What can you reveal about your E.P., A Picture Perfect Hollywood Heartbreak? What sort of ideas and sounds has influenced the songwriting?
It’s certainly evolved beyond the typical scale of an E.P. since I started writing it…it now includes way more than the original five tracks and has become something of a short, one-act Rock musical. I’ve always been struck by the idea of a single story being told from top to bottom on a tracklist, with each song, lyric, and interlude serving the greater narrative. I believe I’ve been able to accomplish that in my own way; concept and story-based albums are not a new form of storytelling (Kendrick Lamar’s To Pimp A Butterfly is a recent example of it being done spectacularly), but I don’t know of anyone else who has done it the way me and my team have for A Picture Perfect Hollywood Heartbreak.

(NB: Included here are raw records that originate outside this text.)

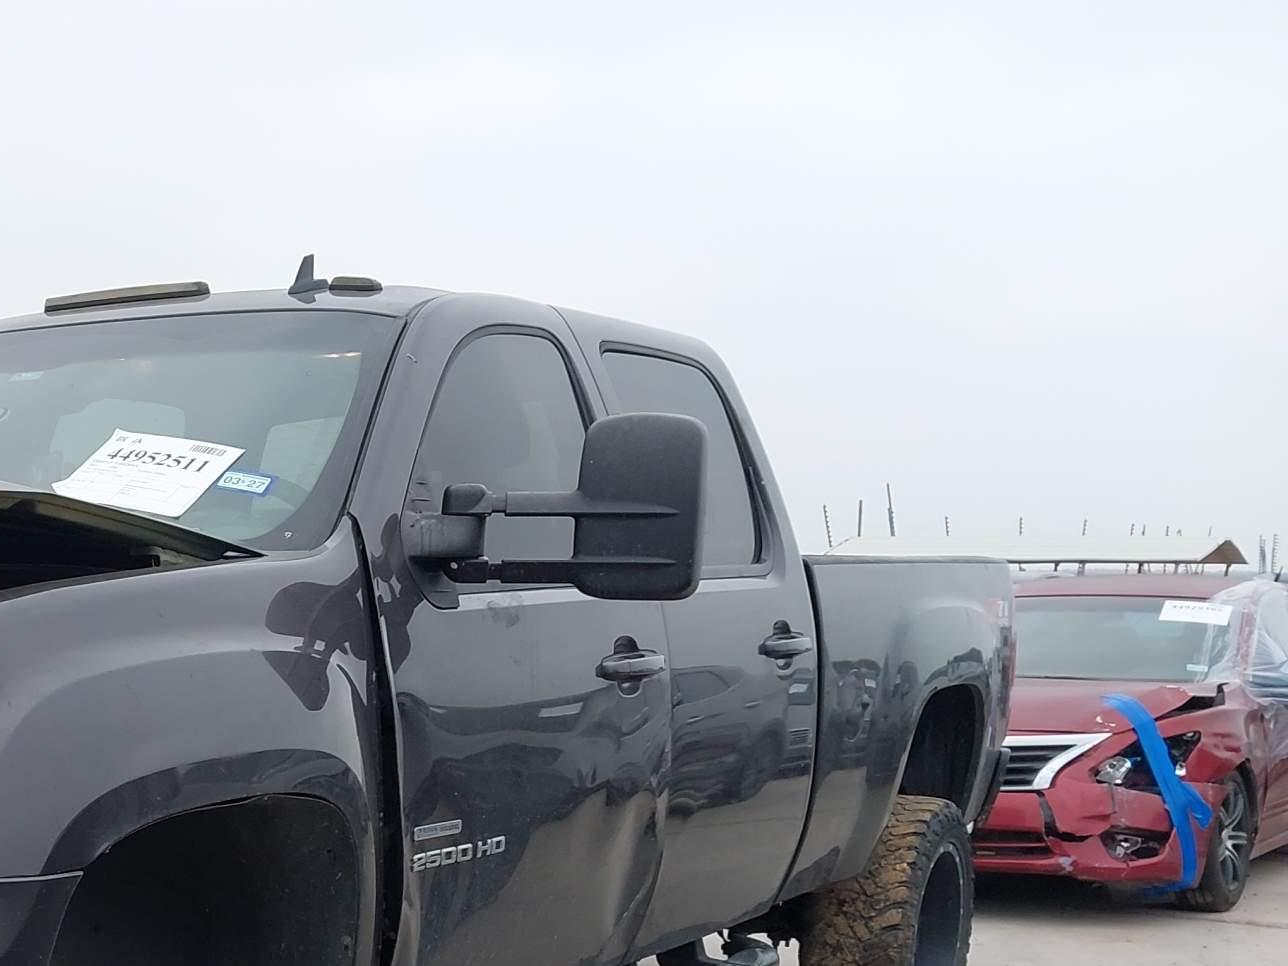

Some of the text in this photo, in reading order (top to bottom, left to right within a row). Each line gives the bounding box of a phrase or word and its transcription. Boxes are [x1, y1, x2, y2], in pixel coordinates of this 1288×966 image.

[106, 447, 211, 473] 44952511
[412, 835, 506, 872] 2500 HD
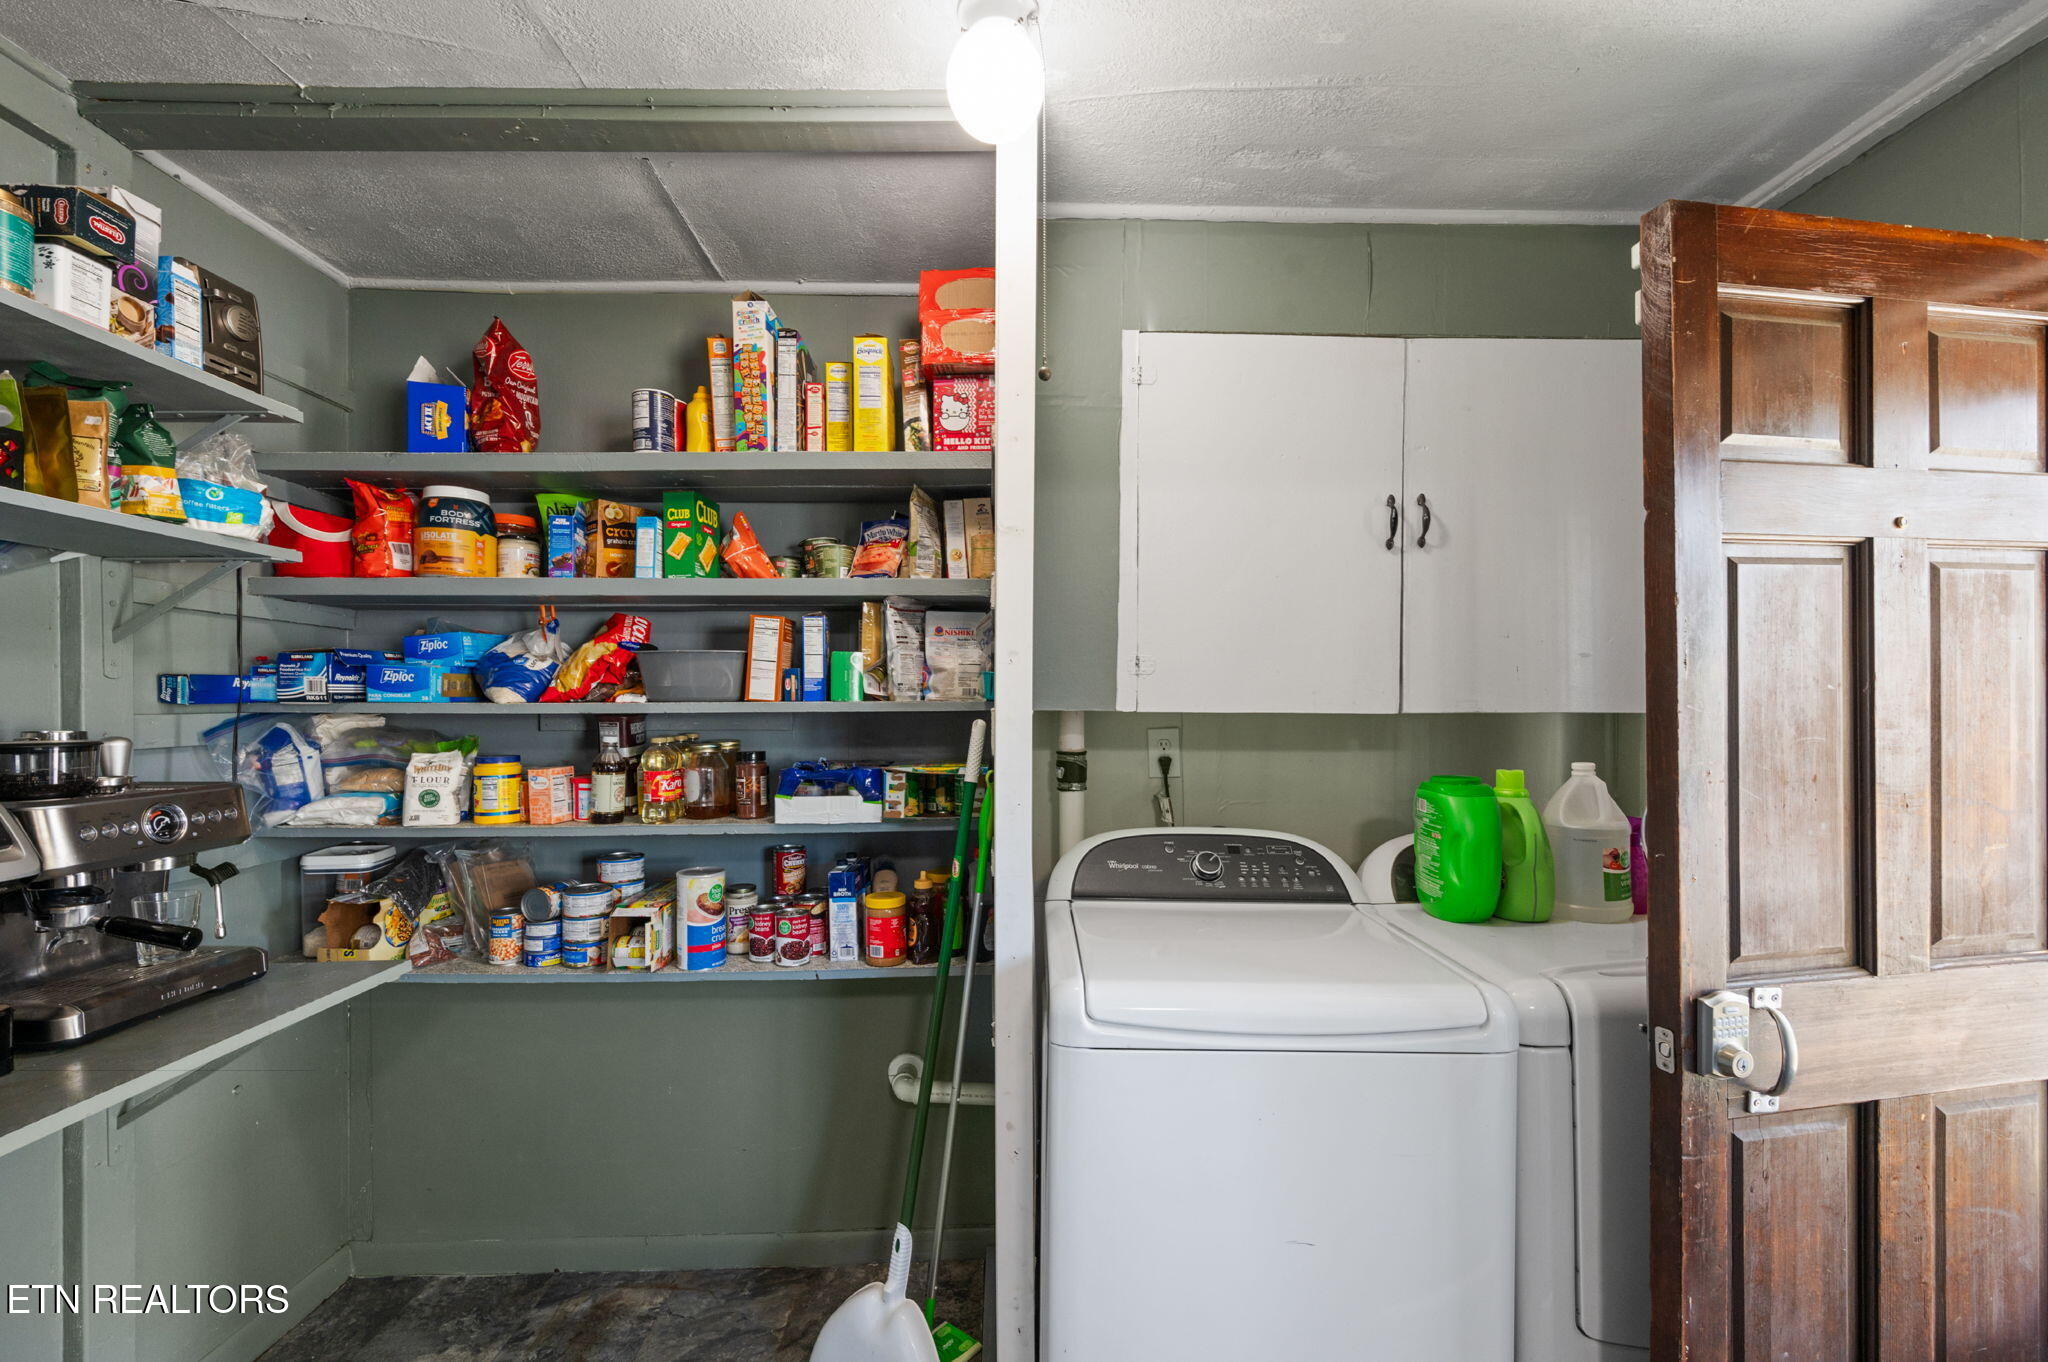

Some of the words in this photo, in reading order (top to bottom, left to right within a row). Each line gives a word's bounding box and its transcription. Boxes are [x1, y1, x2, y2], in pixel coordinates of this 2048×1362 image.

[943, 437, 972, 445] HELLO
[973, 437, 991, 445] KIT
[182, 499, 204, 508] offee
[441, 510, 472, 519] BODY
[667, 508, 691, 520] CLUB
[696, 500, 719, 528] CLUB
[429, 516, 480, 528] FORTRESS
[419, 640, 448, 653] Ziploc
[383, 670, 415, 683] Ziploc
[411, 776, 450, 784] FLOUR
[660, 779, 682, 791] Karo

Records almost always have a unified sound that stamps the artist’s signature into the grooves and the whole project unifies under that banner. With my project, I wondered how I could change that norm by creating something that leaves you with one impression of the artist on track-one and takes the listener through a transformation that ends with a completely different impression by the end of the album. I changed tremendously over the course of the past few years since I wrote the first track of A Picture Perfect Hollywood Heartbreak and my goal was to bottle up my coming-of-age story and press it into one, very personal time capsule. I believe we’ve accomplished that.
You are an actor and have appeared on several different T.V. shows. Did music come before acting? Do the two link in any way?

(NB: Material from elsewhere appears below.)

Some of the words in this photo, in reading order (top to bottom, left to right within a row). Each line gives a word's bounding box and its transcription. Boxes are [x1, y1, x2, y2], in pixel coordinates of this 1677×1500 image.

Music, actually, did come before acting! When I was seven and living in St. Louis, my parents put me into singing lessons because of how much I loved singing at school. I ended up auditioning for a production of The Music Man at the local community college and that ended up being my first acting gig.

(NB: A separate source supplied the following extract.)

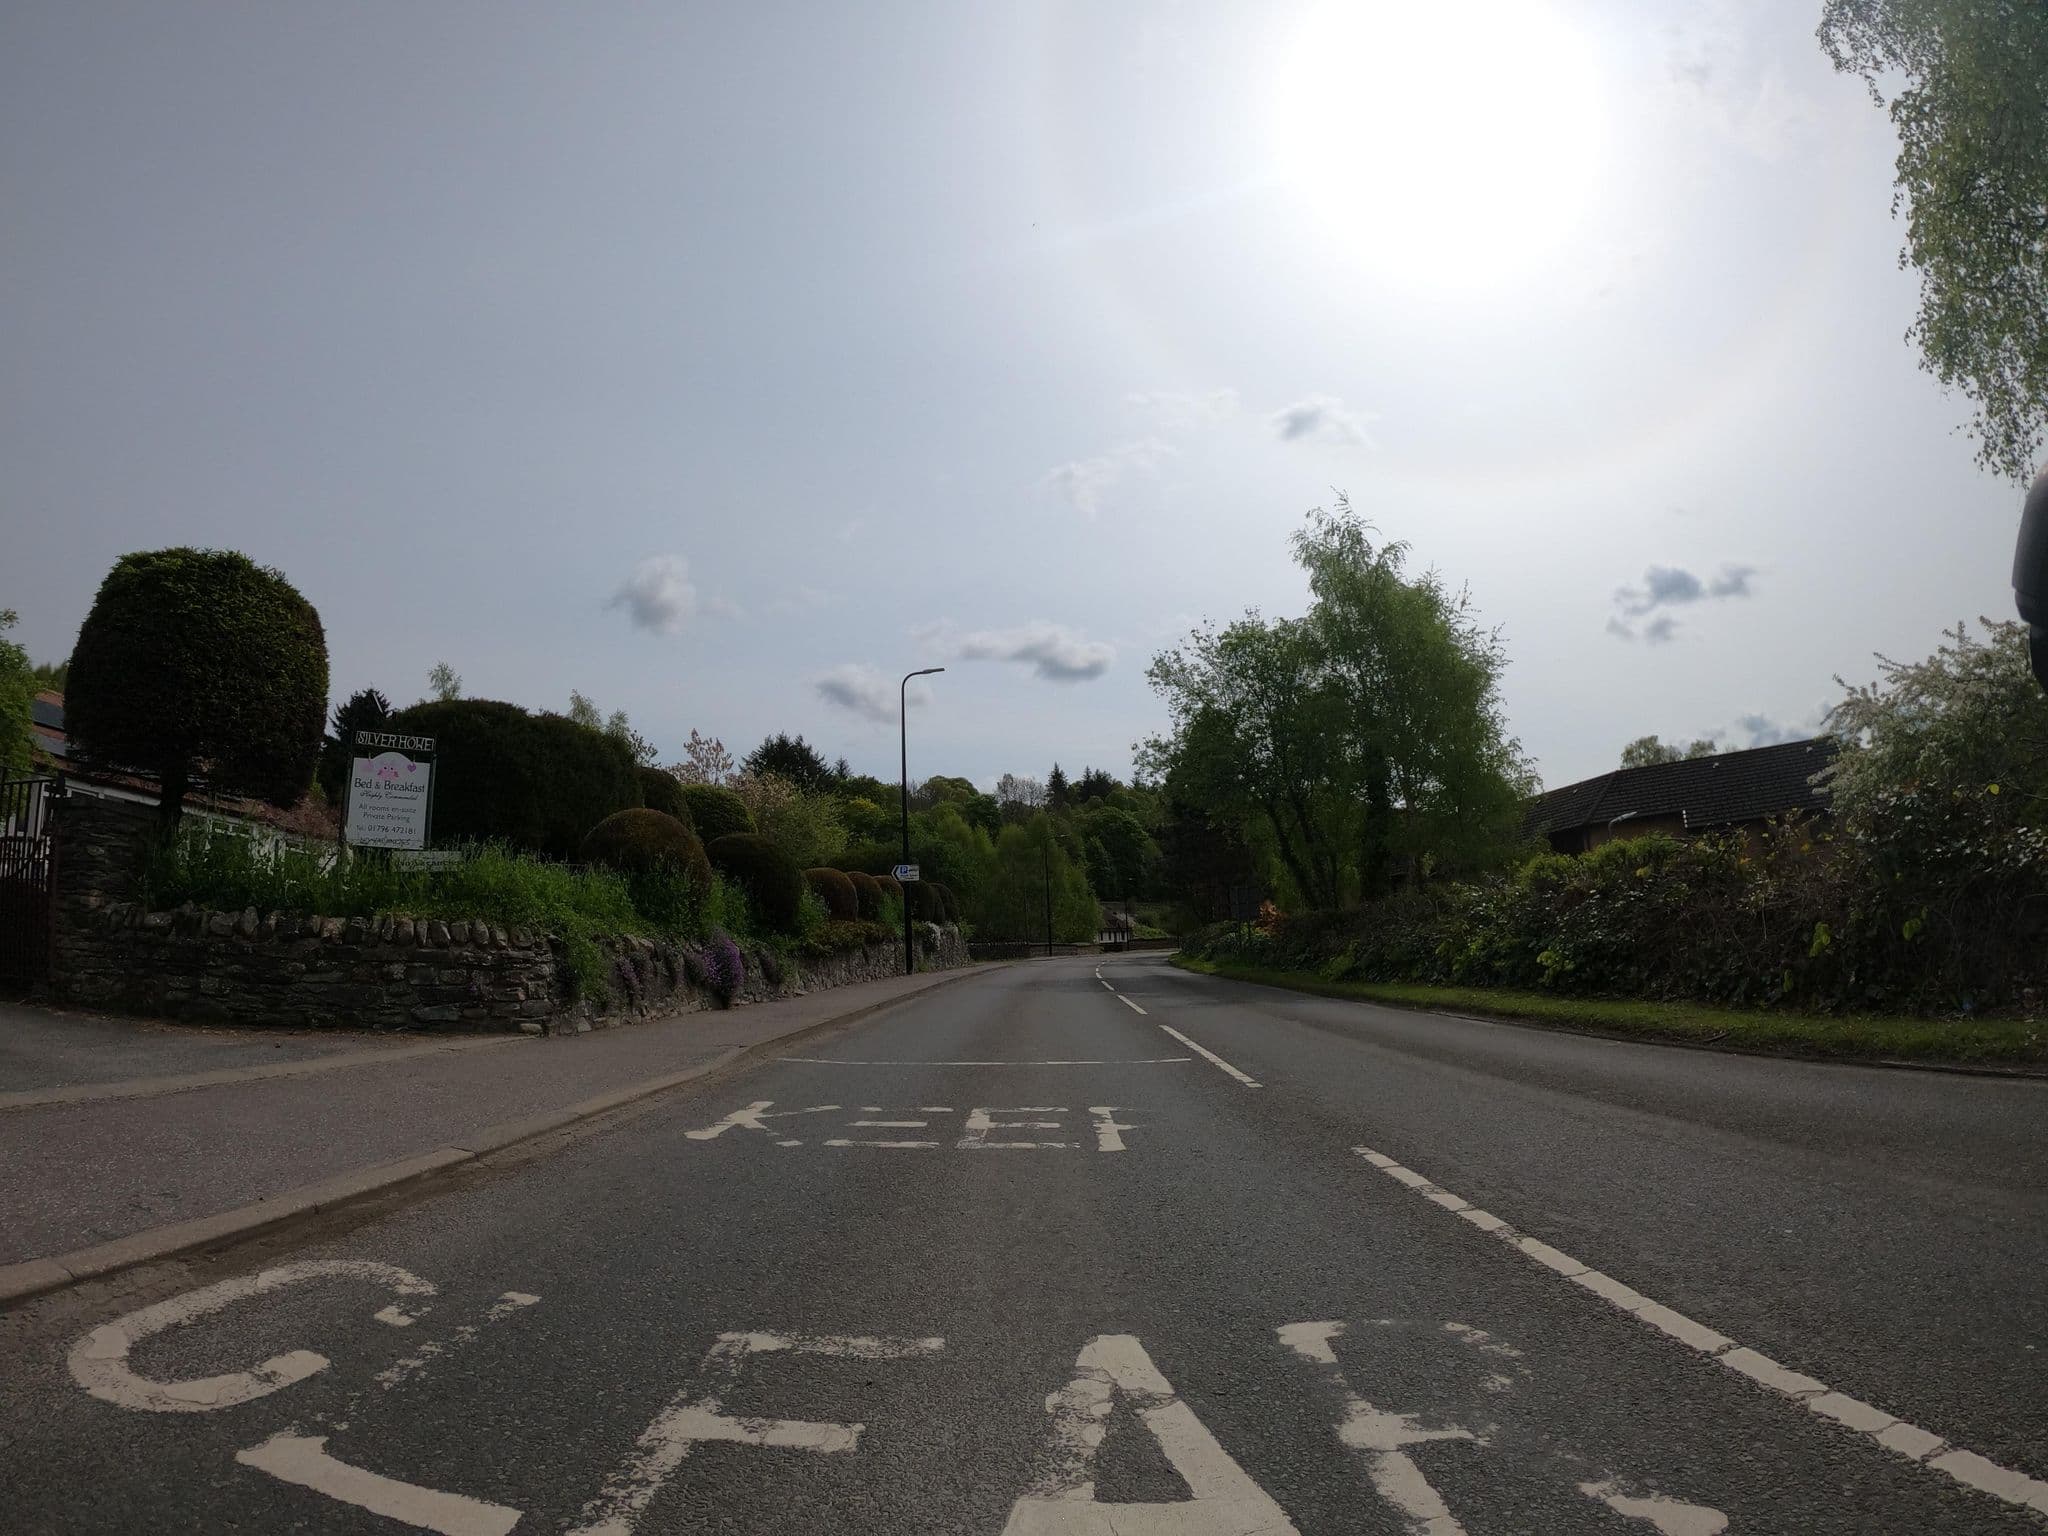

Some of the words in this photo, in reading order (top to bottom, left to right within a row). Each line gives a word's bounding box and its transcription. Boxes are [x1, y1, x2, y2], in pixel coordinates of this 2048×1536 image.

[354, 777, 372, 789] Bed
[384, 780, 425, 793] Breakfast
[362, 812, 385, 820] Private
[387, 814, 410, 823] Parking

Eventually, the acting took off, leaving singing and piano as ‘hobbies’ that I did on the side for a while to bolster my résumé. I played in a lot of cover bands and sang for shows like Steven Universe and Sofia the First for years after that - but music as a profession wasn’t a thing for me until the end of 2015 or so.
Does your exposure and attention from your T.V. work make you more guarded as a songwriter? How much of your writing is enforced by the way you are watched and viewed by the public?
I’d say it makes me bolder, if anything. As an actor, almost 100% of the time I’m working as a mercenary; a hired gun for someone else’s script or project. While that brings me a lot of fulfillment, after a decade of doing nothing but that, I needed something where I could say things I couldn’t project anywhere else. Also, growing up as a child actor, we constantly have people warning us not to ‘go crazy’ or destroy our image by not censoring what we say…it drives you up a wall eventually. I promised myself I wouldn’t censor myself at all on this project, as that would be doing a disservice to myself and my fans.
How vital is L.A. and its people? Is it a great place to create and work?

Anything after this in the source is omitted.